» TASK TO CARRY OUT
Please retype the records below exactly as they appear, leaving out every picture.

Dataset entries
BEGIN

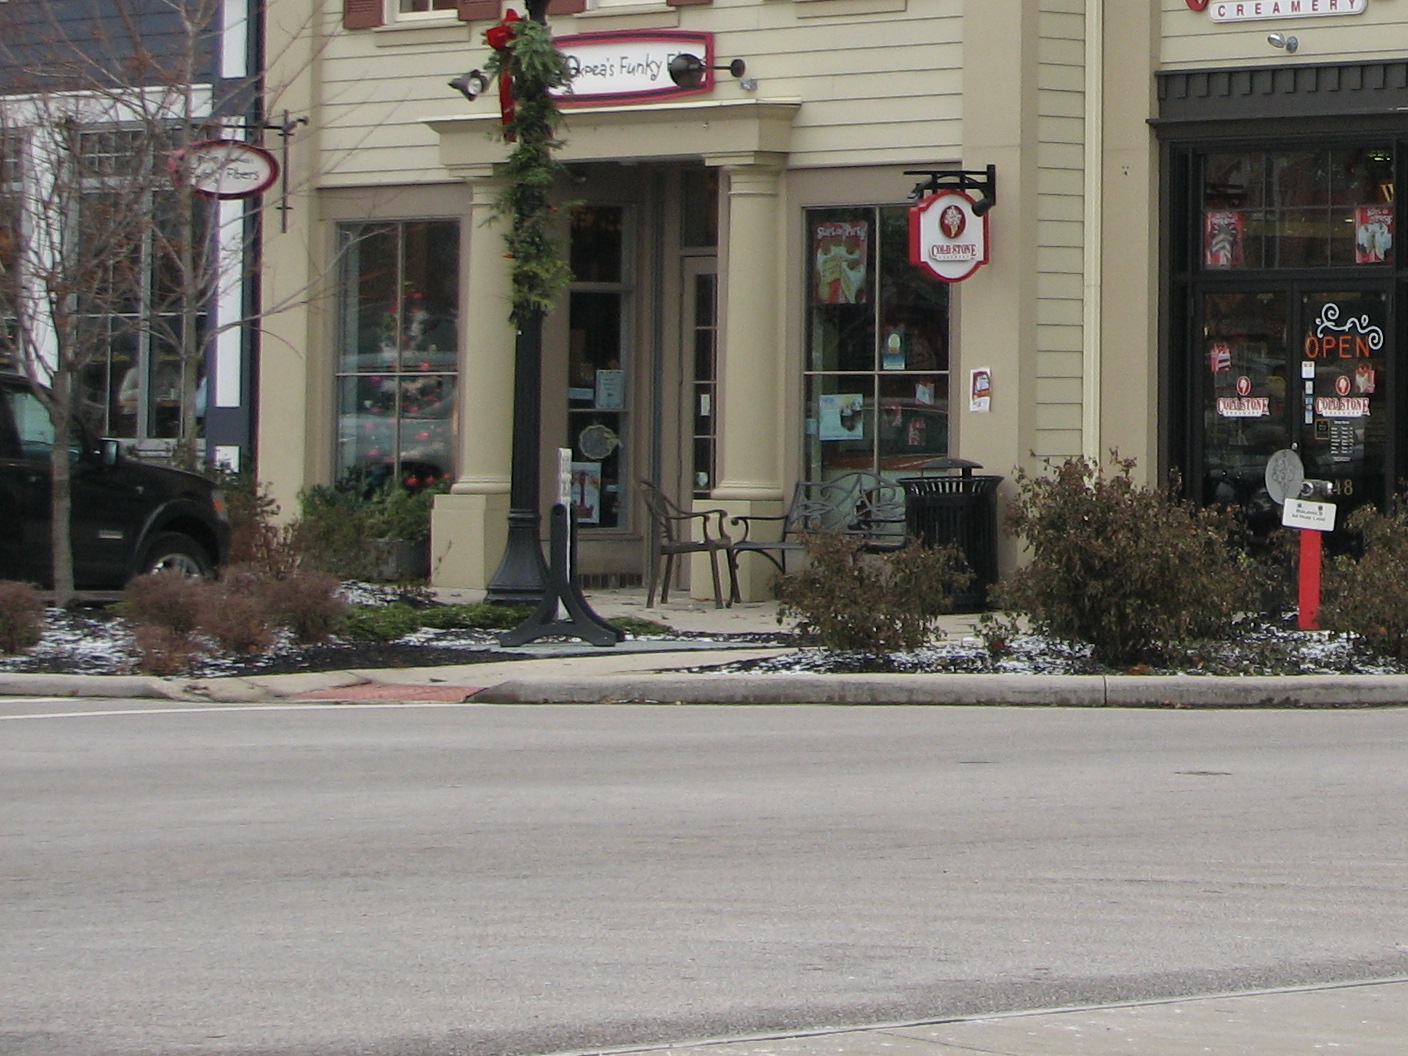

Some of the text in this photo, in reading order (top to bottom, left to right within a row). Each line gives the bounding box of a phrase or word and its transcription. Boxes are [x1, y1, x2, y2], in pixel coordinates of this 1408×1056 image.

[620, 53, 662, 81] Funky
[931, 243, 977, 257] COLD STONE
[1305, 335, 1370, 359] OPEN
[1240, 397, 1270, 415] STONE
[1339, 397, 1370, 415] STONE

END

» REPLY
Some of the text in this photo, in reading order (top to bottom, left to right within a row). Each line gives the bounding box of a phrase or word and its transcription. Boxes are [x1, y1, x2, y2], in pixel coordinates of this 1408×1056 image.

[620, 53, 662, 81] Funky
[931, 243, 977, 257] COLD STONE
[1305, 335, 1370, 359] OPEN
[1240, 397, 1270, 415] STONE
[1339, 397, 1370, 415] STONE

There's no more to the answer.